## Study material
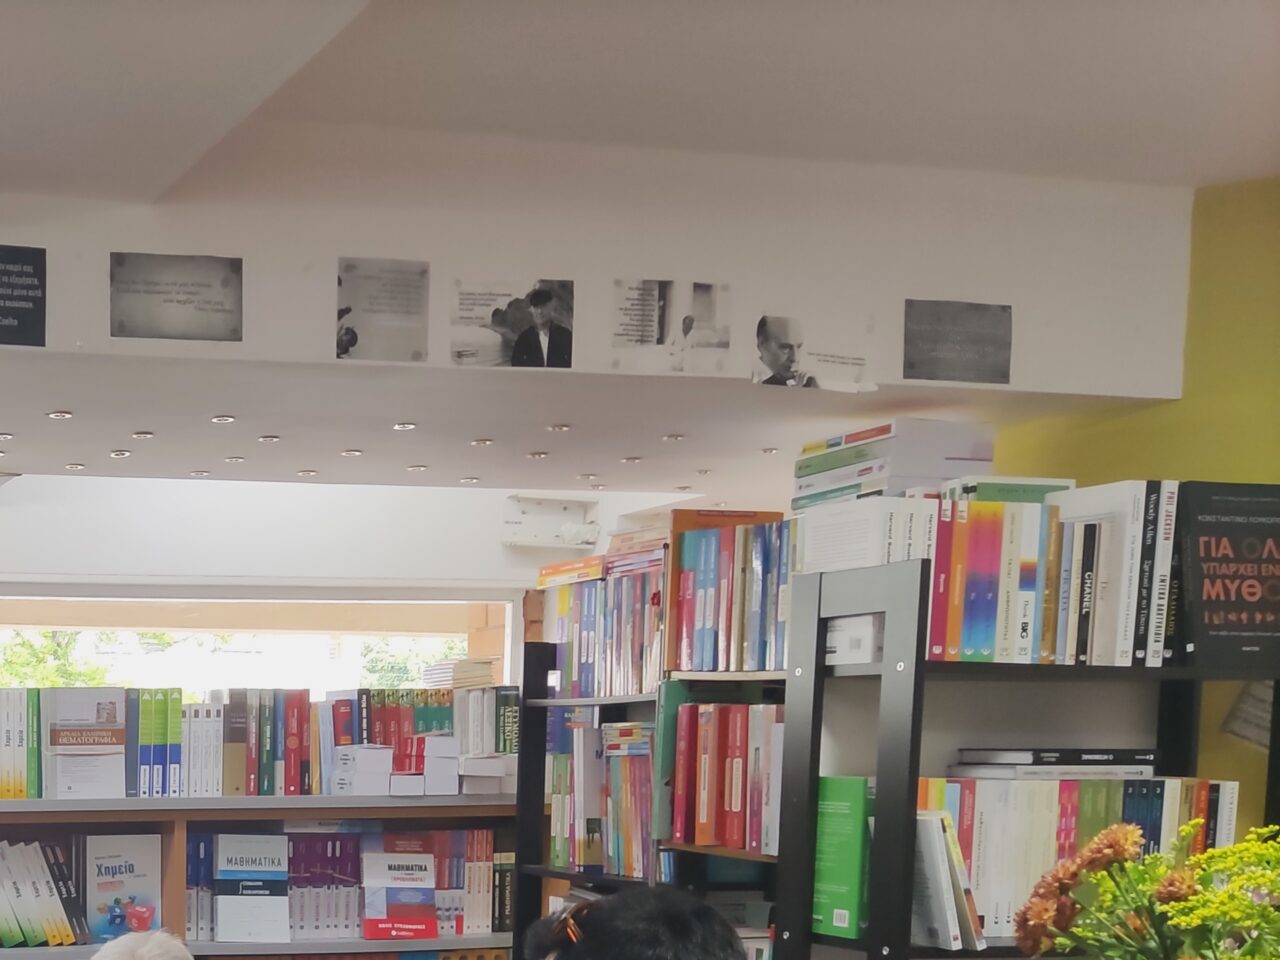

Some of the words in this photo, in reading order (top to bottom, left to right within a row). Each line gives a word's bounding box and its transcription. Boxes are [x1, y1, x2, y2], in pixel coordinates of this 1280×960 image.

[1146, 492, 1159, 521] Woody
[1145, 523, 1156, 545] Allen
[1163, 509, 1173, 542] JACKSON
[1199, 536, 1234, 558] ΓΙΑ
[1202, 563, 1258, 576] ΥΠΑΡΧΕΙ
[1082, 571, 1093, 615] CHANEL
[1021, 622, 1029, 639] BIG
[504, 706, 513, 739] ΛΕΞΙΚΟ
[96, 861, 135, 878] Χημεία
[226, 856, 283, 868] ΜΑΘΗΜΑΤΙΚΑ
[387, 864, 428, 872] ΜΑΘΗΜΑΤΙΚΑ
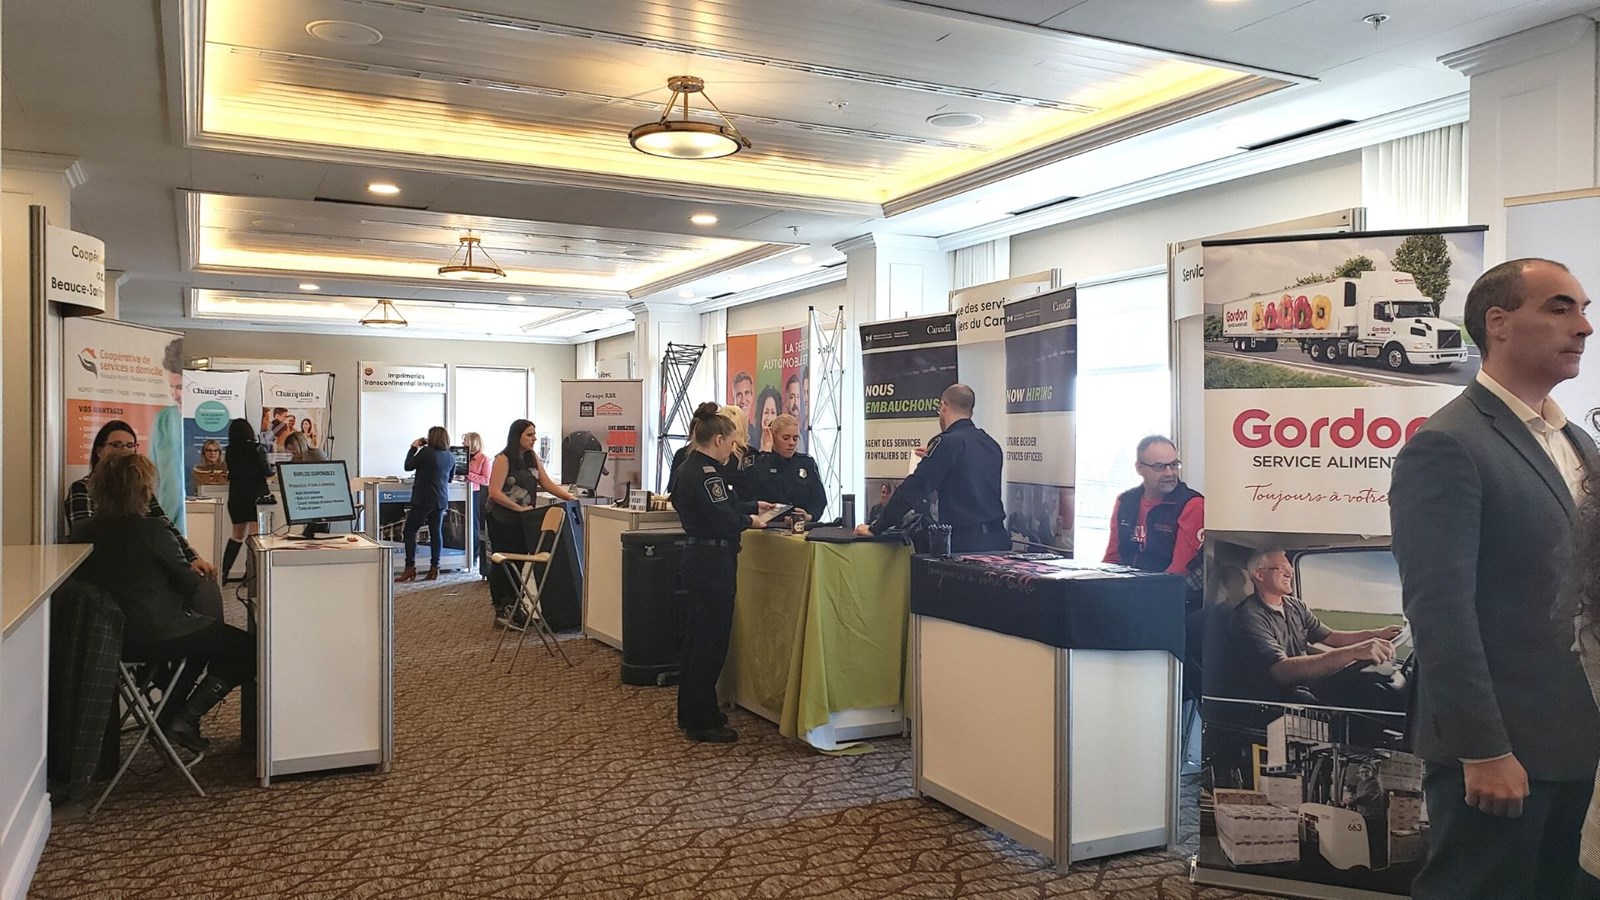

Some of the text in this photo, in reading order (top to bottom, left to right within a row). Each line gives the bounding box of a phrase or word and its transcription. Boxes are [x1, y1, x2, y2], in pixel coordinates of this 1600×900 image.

[964, 302, 979, 314] des
[980, 297, 1010, 311] servi
[1052, 298, 1071, 312] Canada
[1226, 309, 1248, 322] Gordon
[926, 323, 951, 334] Canada
[970, 317, 981, 329] du
[784, 342, 794, 354] LA
[100, 350, 150, 364] Coopérative de
[100, 362, 128, 373] services
[135, 365, 163, 376] domicile
[388, 372, 425, 380] Imprimeries
[192, 387, 232, 396] Champlain
[275, 390, 314, 398] Champlain
[865, 384, 895, 397] NOUS
[1006, 385, 1053, 403] NOW HIRING
[78, 405, 92, 413] VOS
[865, 398, 940, 413] EMBAUCHONS
[865, 438, 921, 447] AGENT DES SERVICES
[865, 451, 908, 460] FRONTALIERS DE
[1252, 455, 1397, 469] SERVICE ALIMEN
[1245, 483, 1390, 511] Toujours à votre
[1347, 823, 1362, 832] 663

## Aim of the exercise
Your answer should consist of the lines from the line with "Some of the text" through the last line of the data, set down exactly, both included.

## The completed task
Some of the text in this photo, in reading order (top to bottom, left to right within a row). Each line gives the bounding box of a phrase or word and its transcription. Boxes are [x1, y1, x2, y2], in pixel coordinates of this 1600×900 image.

[964, 302, 979, 314] des
[980, 297, 1010, 311] servi
[1052, 298, 1071, 312] Canada
[1226, 309, 1248, 322] Gordon
[926, 323, 951, 334] Canada
[970, 317, 981, 329] du
[784, 342, 794, 354] LA
[100, 350, 150, 364] Coopérative de
[100, 362, 128, 373] services
[135, 365, 163, 376] domicile
[388, 372, 425, 380] Imprimeries
[192, 387, 232, 396] Champlain
[275, 390, 314, 398] Champlain
[865, 384, 895, 397] NOUS
[1006, 385, 1053, 403] NOW HIRING
[78, 405, 92, 413] VOS
[865, 398, 940, 413] EMBAUCHONS
[865, 438, 921, 447] AGENT DES SERVICES
[865, 451, 908, 460] FRONTALIERS DE
[1252, 455, 1397, 469] SERVICE ALIMEN
[1245, 483, 1390, 511] Toujours à votre
[1347, 823, 1362, 832] 663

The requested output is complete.